My family is in and around Houston. My friends are there.
Watching the devastation brought on by the flooding from Hurricane Harvey and checking Facebook and email constantly to see if my family and friends were safe (they are), or if my old neighborhoods survived intact (some yes, some no), those cannot compare to the feelings of living through it. But watching from 1800 miles away and feeling helpless, I wanted to do something. The night the rains started, it occurred to me we could do a version of “When the Levee Breaks,” and use it to try to raise money. I had no idea how bad things would get, and how much relief would be needed.
I wrote to our cellist, Jody (originally from Dallas), and told her I wanted to try to do something to help out in Houston. Without even asking what it was, she wrote back, “I’m in.”
Yesterday we were able to get into the studio. And today, here we are.
The 1971 Led Zeppelin cover version is certainly the most well-known version of “When the Levee Breaks,” but the song is not original to them. I decided to go back to the original version, which was a Delta Blues song written and recorded in 1929 by Memphis Minnie and her then-husband Kansas Joe McCoy. The song was about the 1927 Mississippi River flood — still the worst river flood in U.S. history. If I wanted — in some small, small way– to express solidarity with the people in Texas dealing with this nightmare, I thought a song that’s 90 years old, commemorating a similar event, had a lot of resonance. Ain’t nobody alone, even if it feels that way.
But I can’t play Delta Blues guitar, so I re-worked the song, moving it from a major to minor key, and slowing it way down.
When I lived in the Midtown neighborhood in Houston, I rescued a stray cat that showed up on my porch one day, starving. His ear was docked, meaning he’d been caught, neutered, and released back into the neighborhood. His other ear was cut, like he’d been in a fight. My wife named him Thomas.
That was almost 14 years to the day before the rains from Harvey started. That neighborhood flooded. This other cat, which has now gone viral thanks to an indelible picture by an LA Times photographer during Harvey, could have been Thomas:
A cat swims for dry ground after an apartment was inundated with water following Hurricane Harvey. pic.twitter.com/kVj0B3Waow
— Los Angeles Times (@latimes) September 2, 2017
We lost Thomas earlier this year. He showed up skinny and starving, but made the move across the country with us and he lived out his life for another nearly 13 years, fat and happy, with friends all around our neighborhood in LA. He was the best cat, and so half the money that we raise from this single will go to support the Houston Humane Society, which is working like crazy right now to help animals like Thomas all over Houston.
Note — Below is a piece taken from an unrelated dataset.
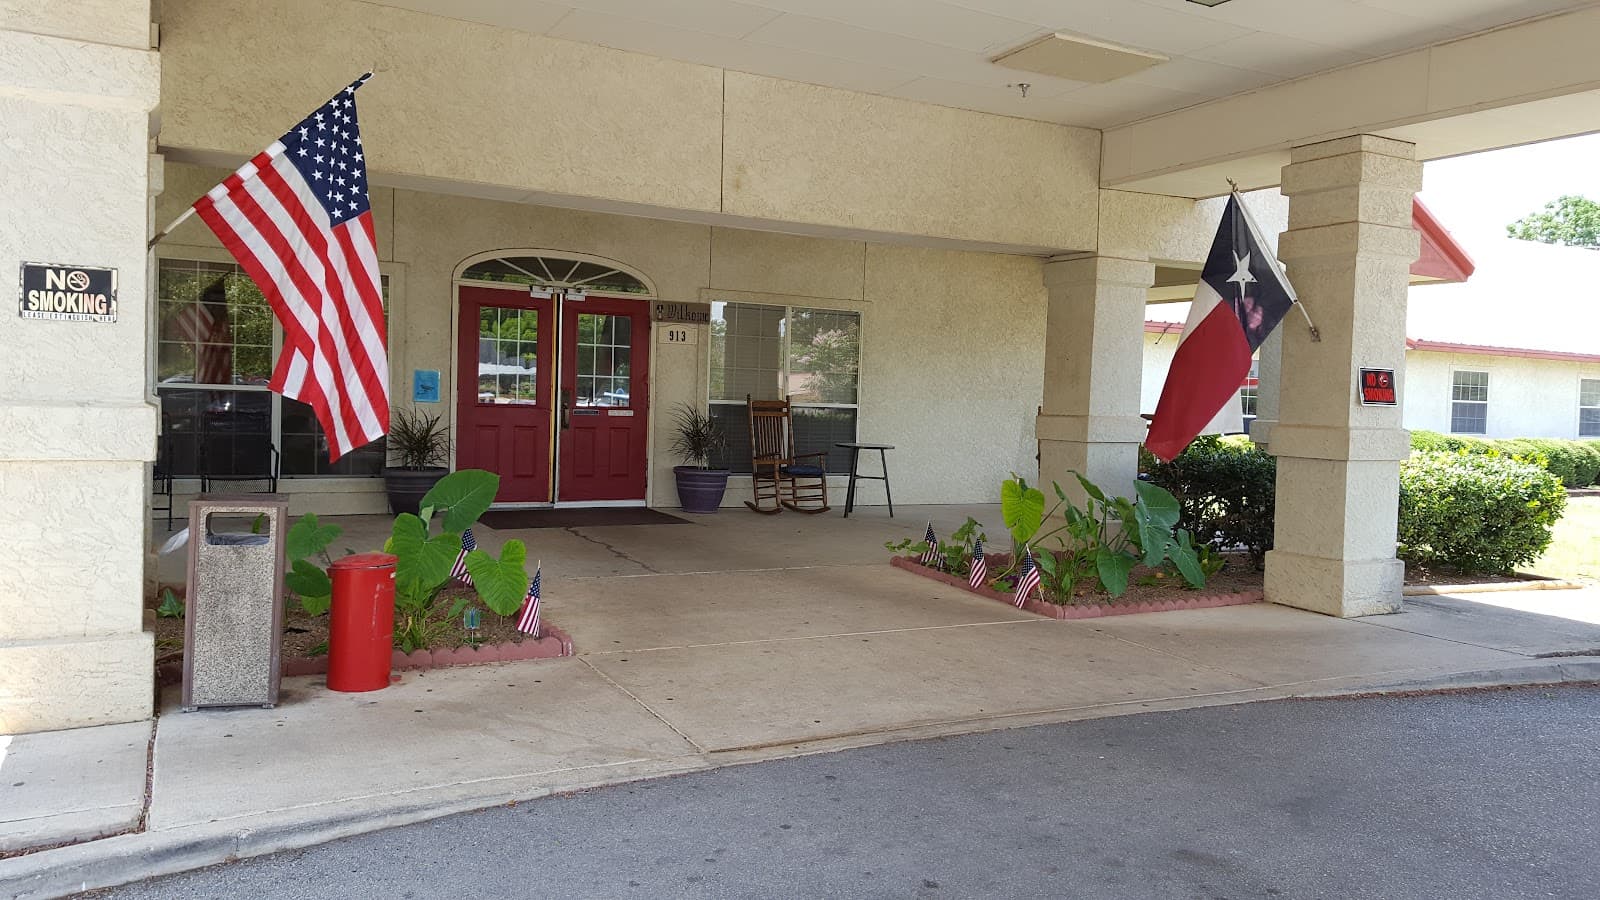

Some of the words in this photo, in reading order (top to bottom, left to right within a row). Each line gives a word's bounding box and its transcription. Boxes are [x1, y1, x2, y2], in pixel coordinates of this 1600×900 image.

[45, 268, 90, 292] NO
[28, 289, 107, 315] SMOKING
[669, 330, 686, 342] 913
[1364, 387, 1394, 402] SMOKING
The other half of the money we raise will go to the Greater Houston Community Foundation Hurricane Harvey Relief Fund. This fund was set up by Houston Mayor Sylvester Turner, and so donations are going a local organization that will hopefully be able to provide meaningful, dedicated assistance to the people of Houston long after national and international groups have been called away to deal with whatever the next disaster might be. Probably Hurricane Irma, churning its way across the Caribbean toward Florida as I write this.
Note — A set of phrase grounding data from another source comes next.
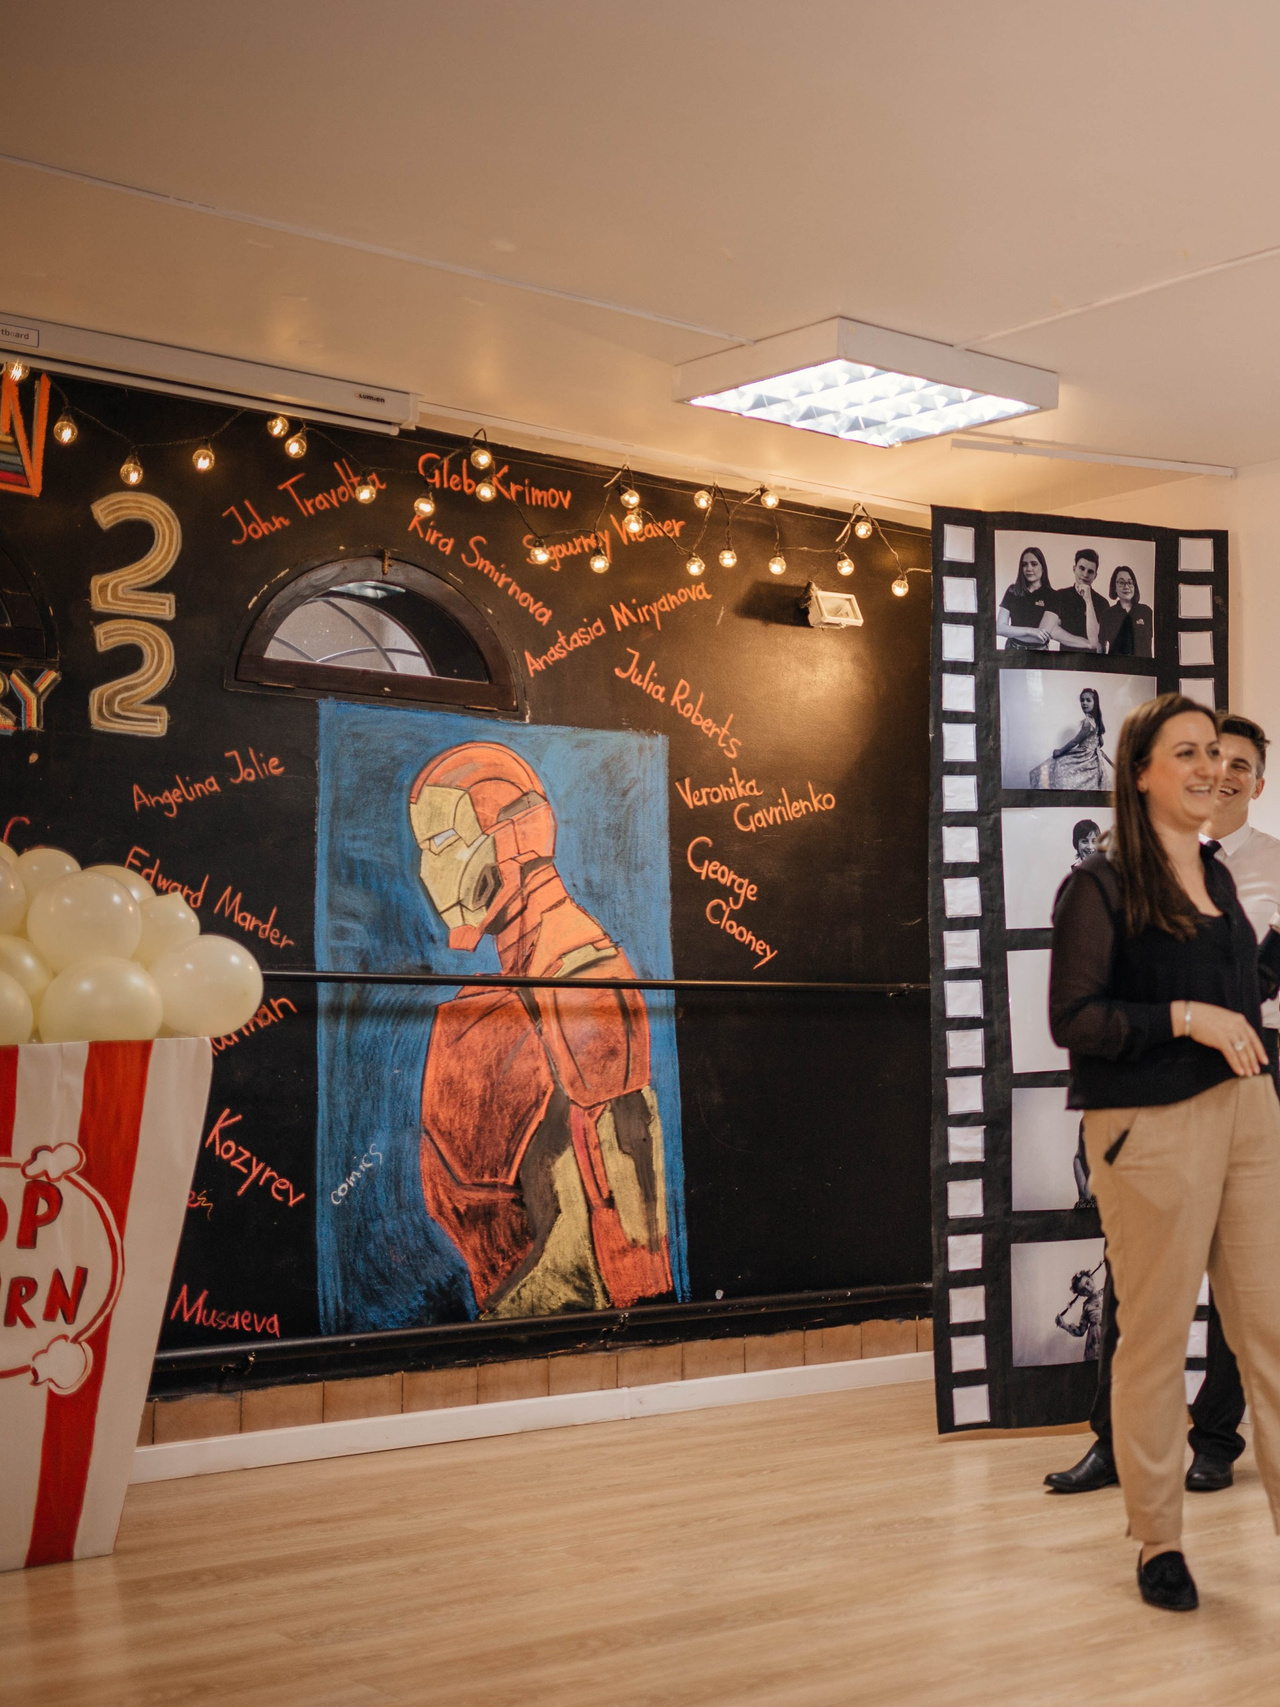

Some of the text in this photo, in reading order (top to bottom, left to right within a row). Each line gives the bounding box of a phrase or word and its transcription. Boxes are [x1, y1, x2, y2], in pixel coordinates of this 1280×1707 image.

[418, 452, 572, 510] Gleb Krimov
[221, 499, 291, 545] John
[408, 514, 552, 626] Kira Smirnova
[524, 582, 713, 678] Anastasia Miryanova
[614, 648, 741, 759] Julia Roberts
[132, 747, 286, 818] Angelina Jolie
[675, 767, 764, 809] Veronika
[733, 782, 836, 833] Gavrilenko
[687, 836, 758, 910] George
[213, 885, 295, 949] Marder
[705, 899, 778, 970] Clooney
[205, 1108, 306, 1207] Kozyrev
[170, 1284, 281, 1338] Musaeva
The band is not recouping recording or publicity costs. Everything Bandcamp pays us for this song from the people who purchase it will go directly to these two groups. I don’t know if we will make a difference, but with your help we can.
If you live in Texas and are suffering from these floods and dig the track, take it. Download it for free. If you want to help those people, and the animals of Houston with them, then please make a donation with your download, and spread the word. This only works if people share it.